Please reproduce every record exactly as written, leaving out the pictures.

--- Input data Enclosed Below ---

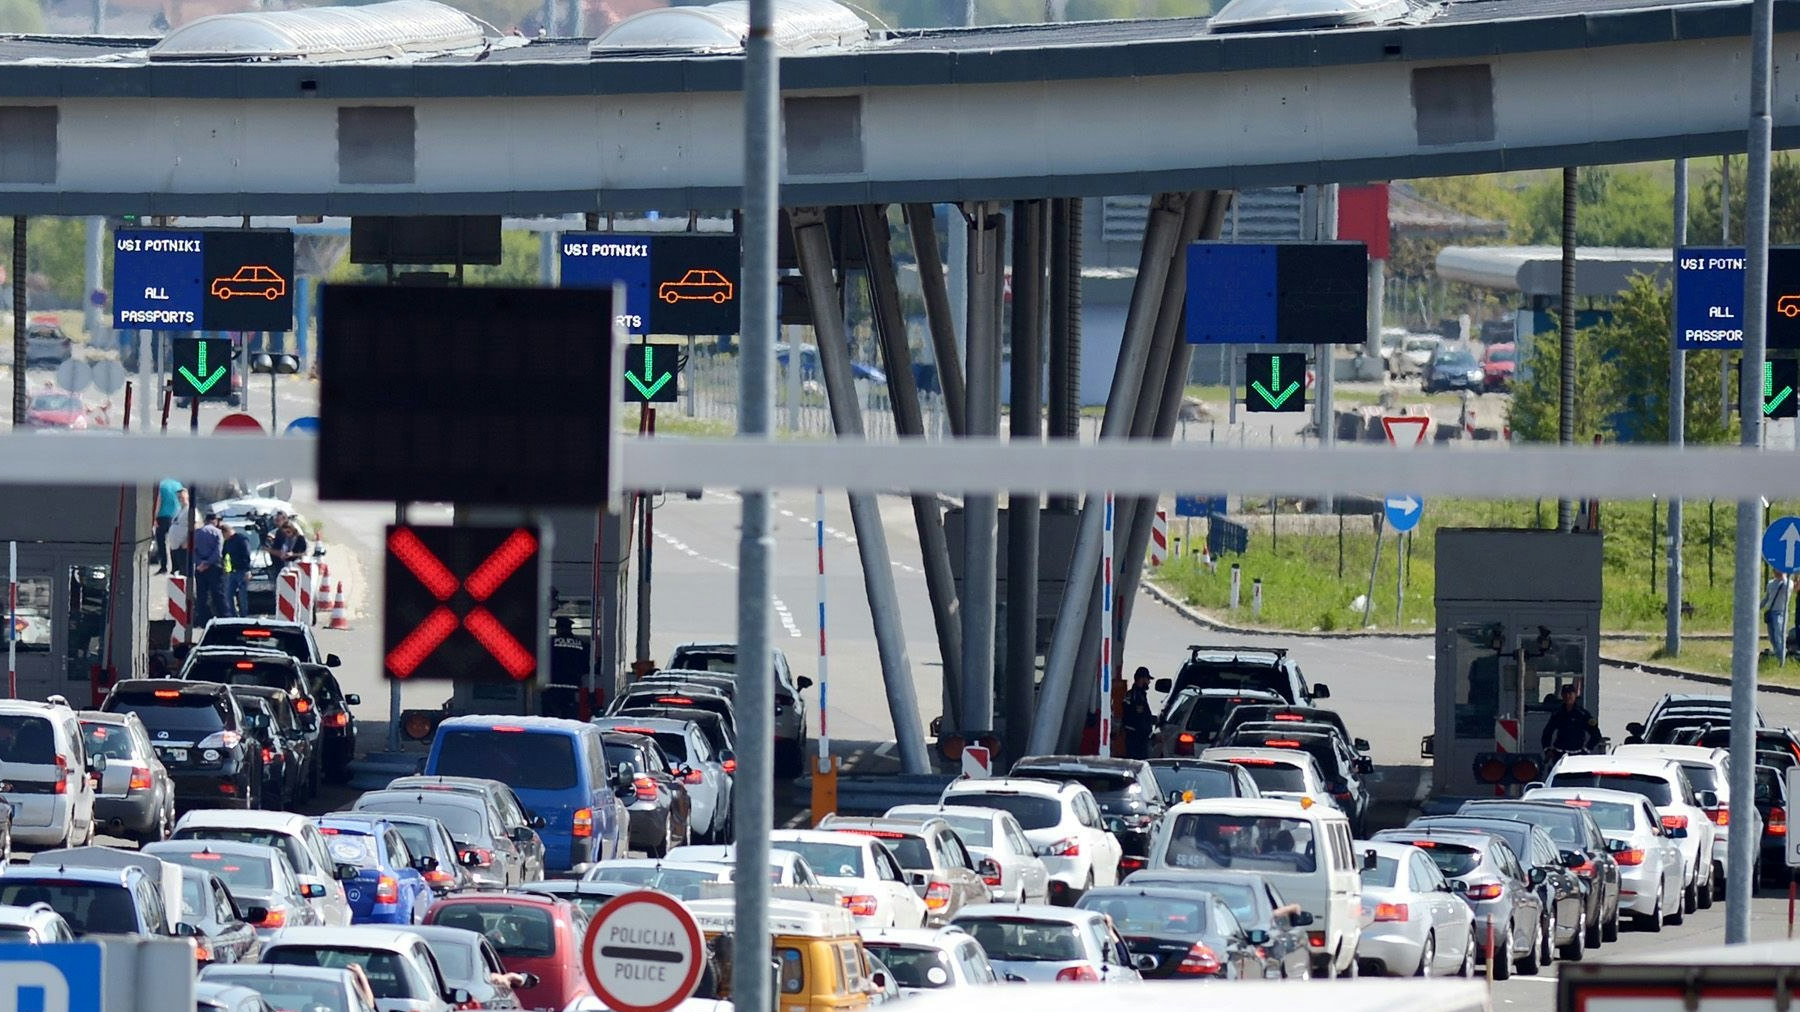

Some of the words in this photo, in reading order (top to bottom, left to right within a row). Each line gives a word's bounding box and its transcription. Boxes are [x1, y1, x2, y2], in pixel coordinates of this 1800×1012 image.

[145, 240, 200, 252] POTNIKI
[592, 244, 648, 257] POTNIKI
[1708, 259, 1747, 270] POTN
[145, 287, 169, 299] ALL
[121, 310, 194, 323] PASSPORTS
[1709, 306, 1734, 318] ALL
[1685, 329, 1743, 341] PASSPOR
[610, 926, 676, 946] POLICIJA
[615, 962, 666, 982] POLICE
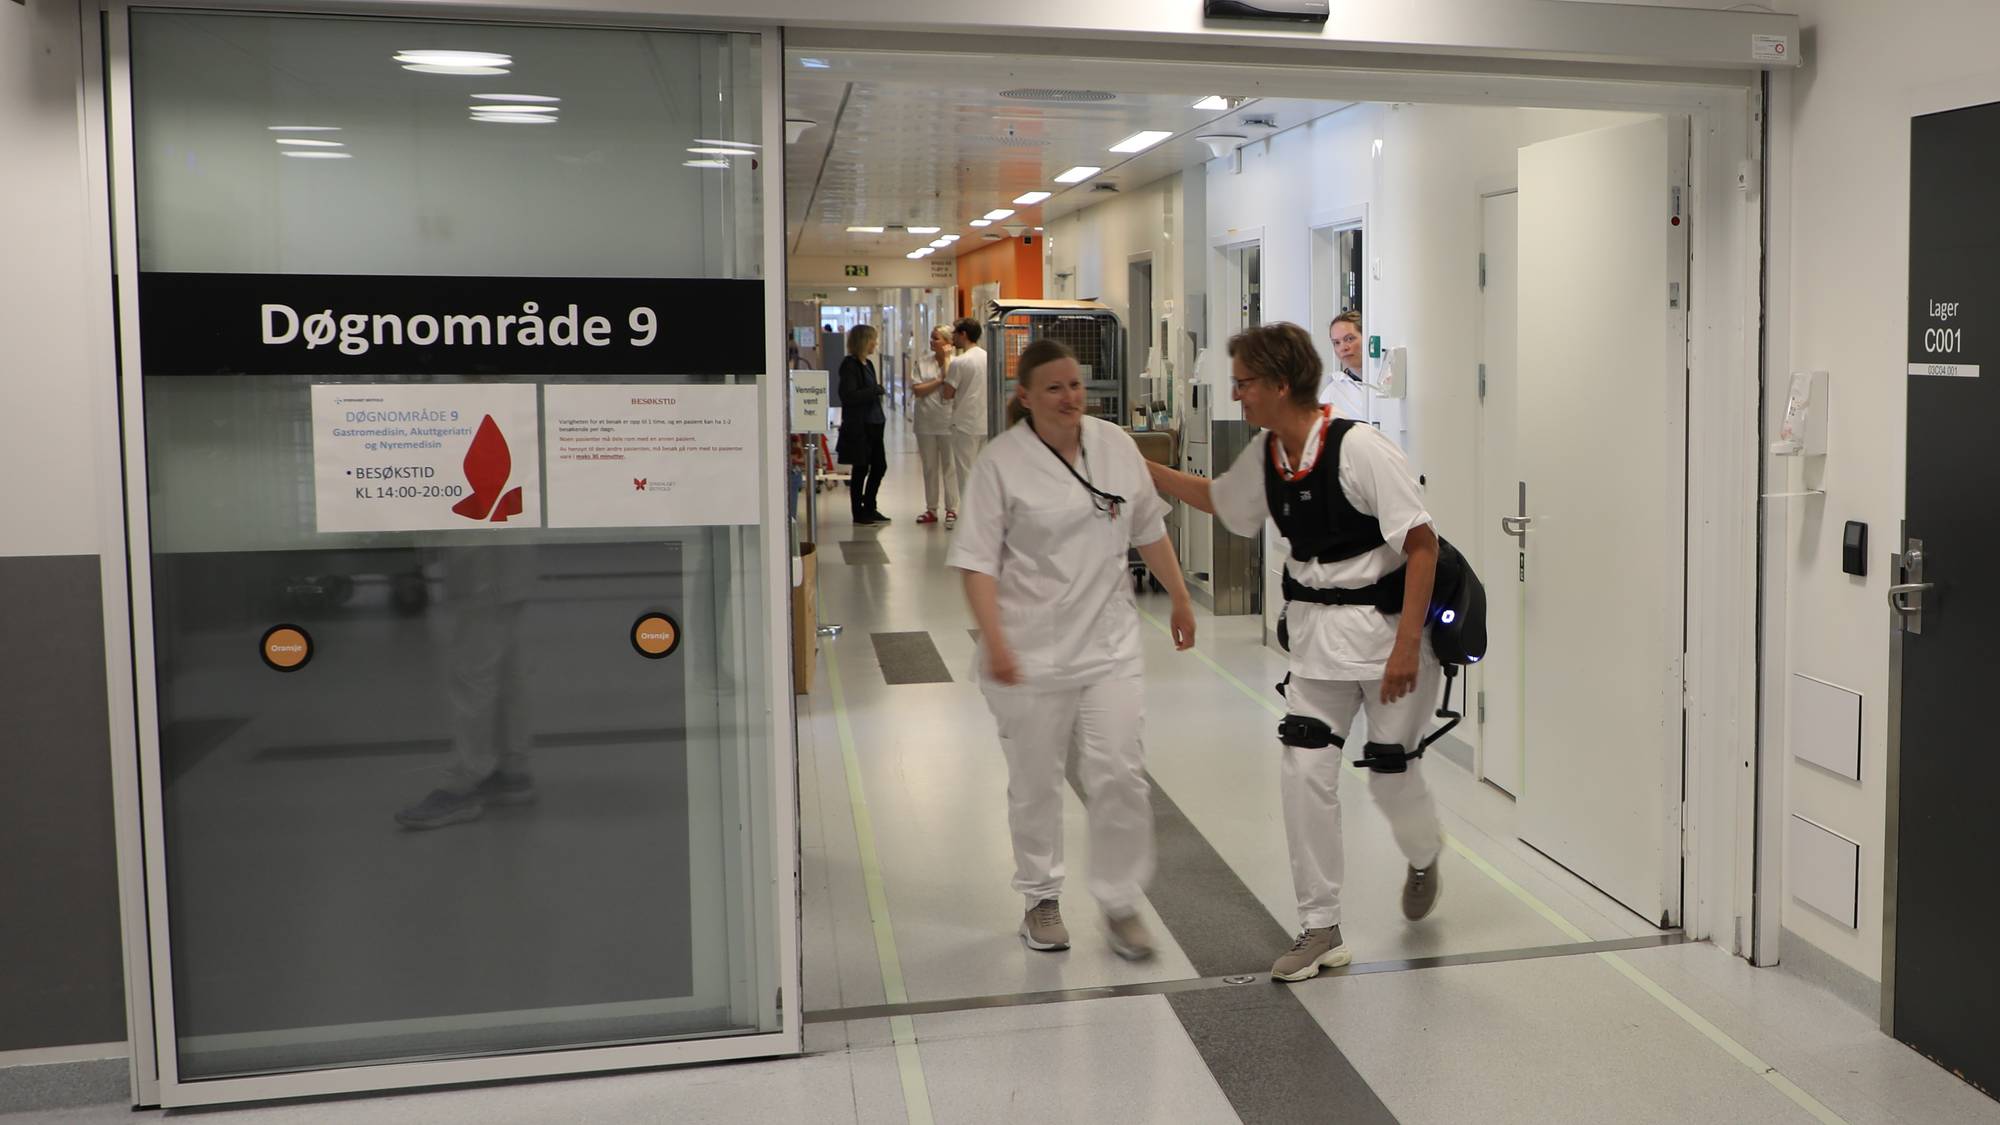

--- End of Enclosed Input data ---

> _Answer area_:
Some of the words in this photo, in reading order (top to bottom, left to right within a row). Each line gives a word's bounding box and its transcription. Boxes are [x1, y1, x2, y2], in pixel coordinates of this 1800×1012 image.

[145, 240, 200, 252] POTNIKI
[592, 244, 648, 257] POTNIKI
[1708, 259, 1747, 270] POTN
[145, 287, 169, 299] ALL
[121, 310, 194, 323] PASSPORTS
[1709, 306, 1734, 318] ALL
[1685, 329, 1743, 341] PASSPOR
[610, 926, 676, 946] POLICIJA
[615, 962, 666, 982] POLICE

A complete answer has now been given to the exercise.